**** Dataset content ****

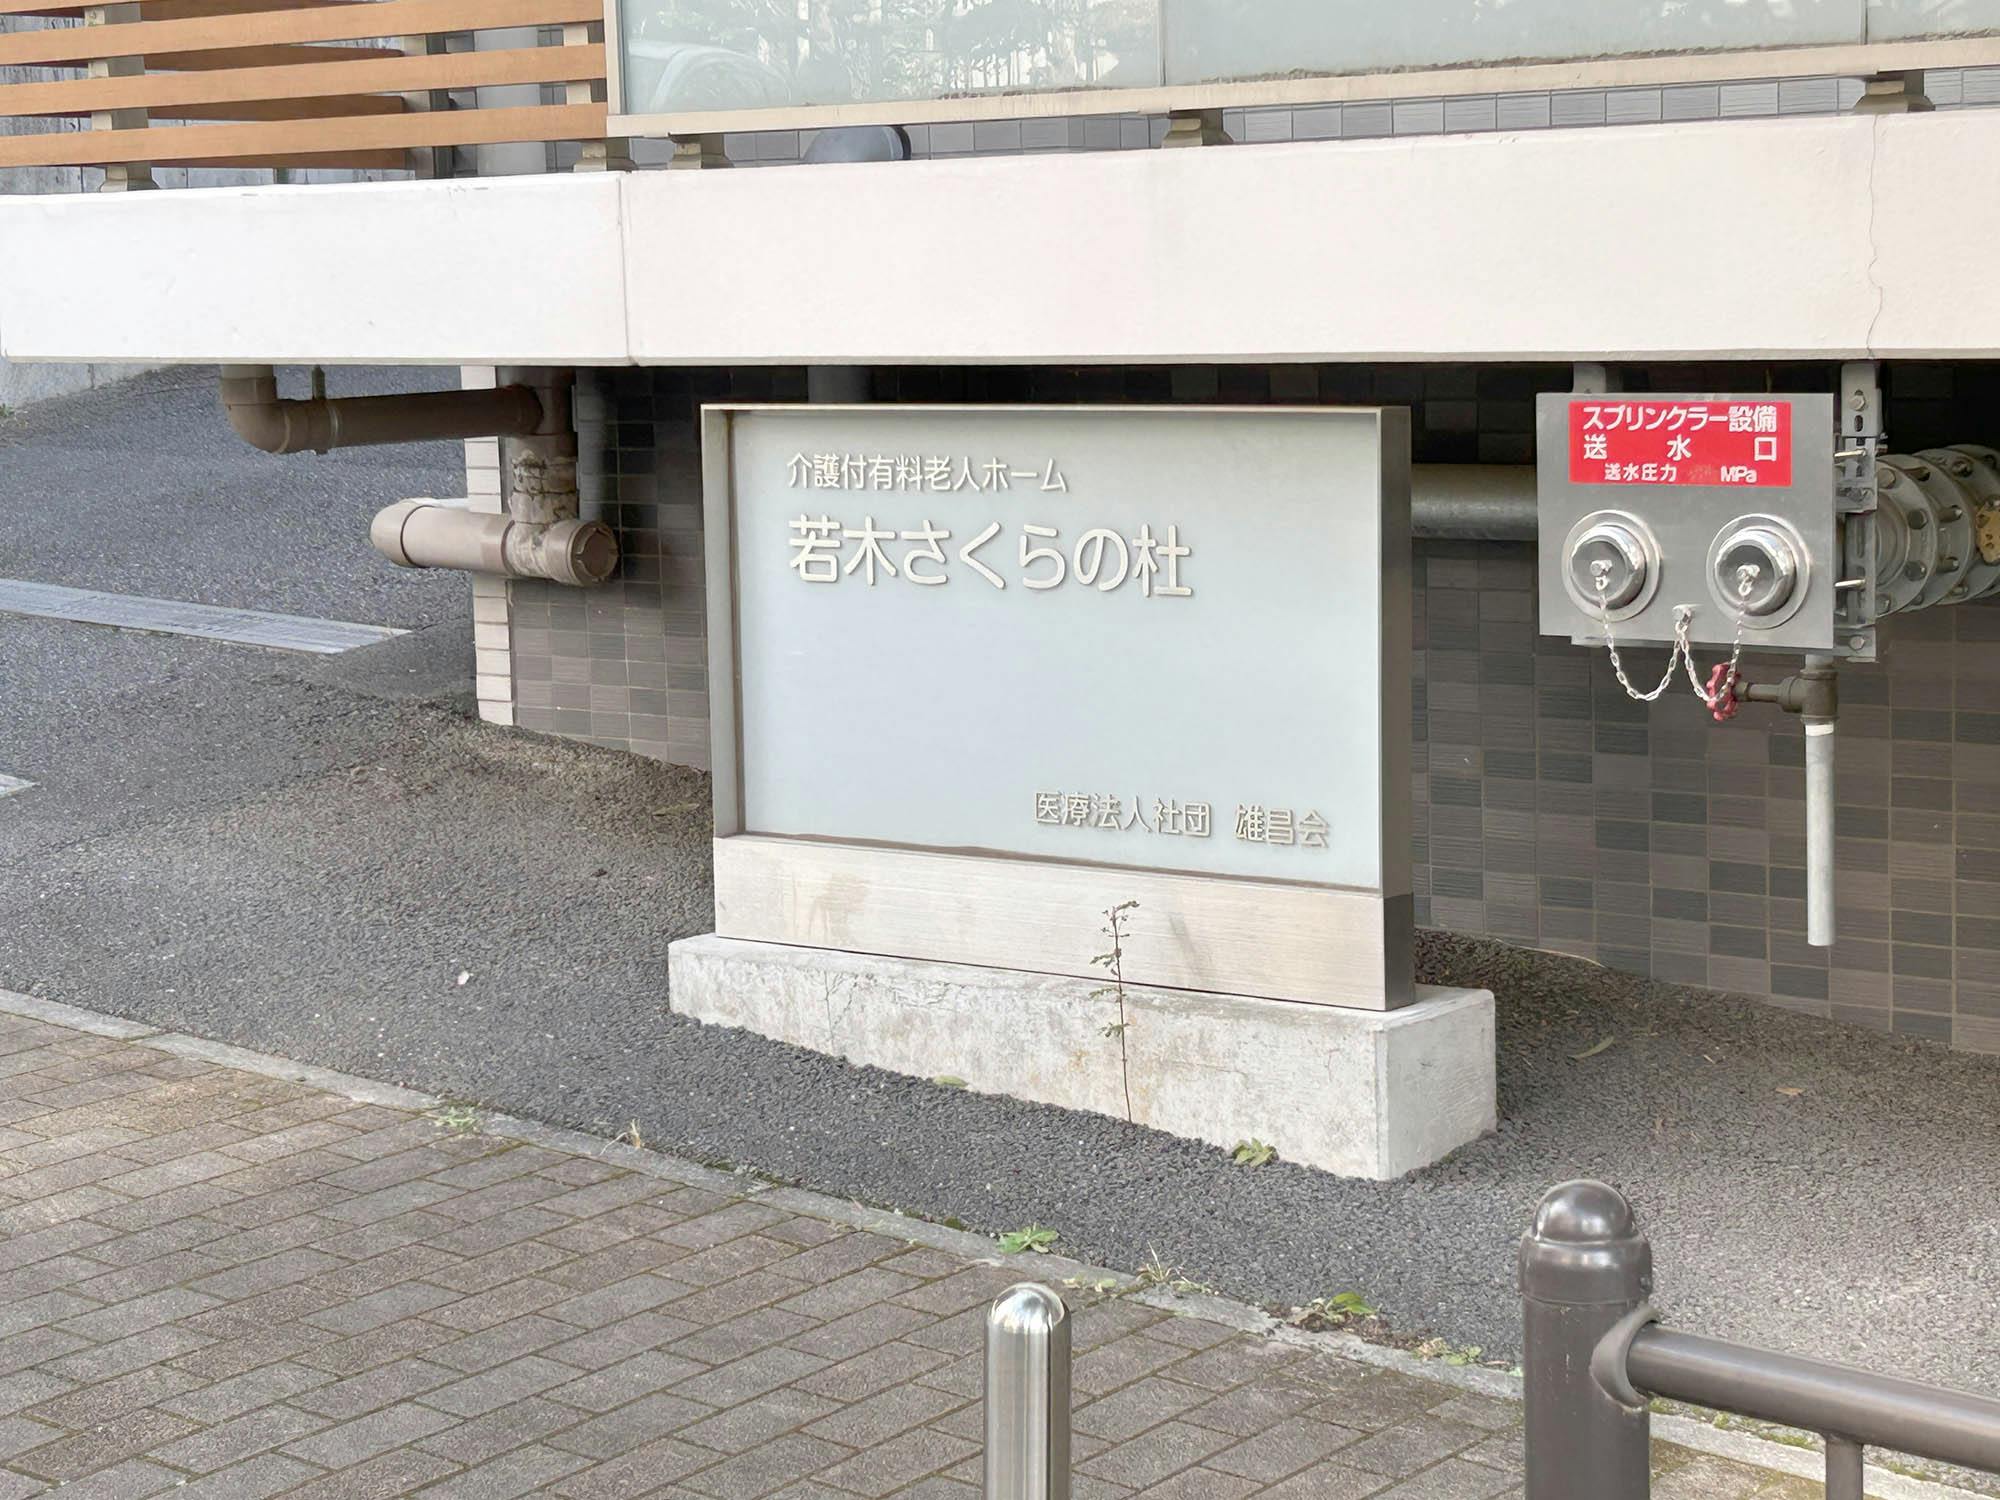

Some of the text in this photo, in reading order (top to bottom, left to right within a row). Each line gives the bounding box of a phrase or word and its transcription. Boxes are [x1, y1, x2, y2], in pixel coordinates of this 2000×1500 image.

[1582, 405, 1777, 433] スプリンクラー設備
[786, 453, 1068, 492] 介護付有料老人ホーム
[1604, 463, 1677, 482] 送水圧力
[1720, 465, 1758, 483] MPa
[788, 514, 1194, 597] 若木さくらの杜
[1034, 790, 1330, 849] 医療法人社団 雄昌会

****

What you should do> All records above are to be output verbatim, with their pictures omitted.

Result of the task>
Some of the text in this photo, in reading order (top to bottom, left to right within a row). Each line gives the bounding box of a phrase or word and its transcription. Boxes are [x1, y1, x2, y2], in pixel coordinates of this 2000×1500 image.

[1582, 405, 1777, 433] スプリンクラー設備
[786, 453, 1068, 492] 介護付有料老人ホーム
[1604, 463, 1677, 482] 送水圧力
[1720, 465, 1758, 483] MPa
[788, 514, 1194, 597] 若木さくらの杜
[1034, 790, 1330, 849] 医療法人社団 雄昌会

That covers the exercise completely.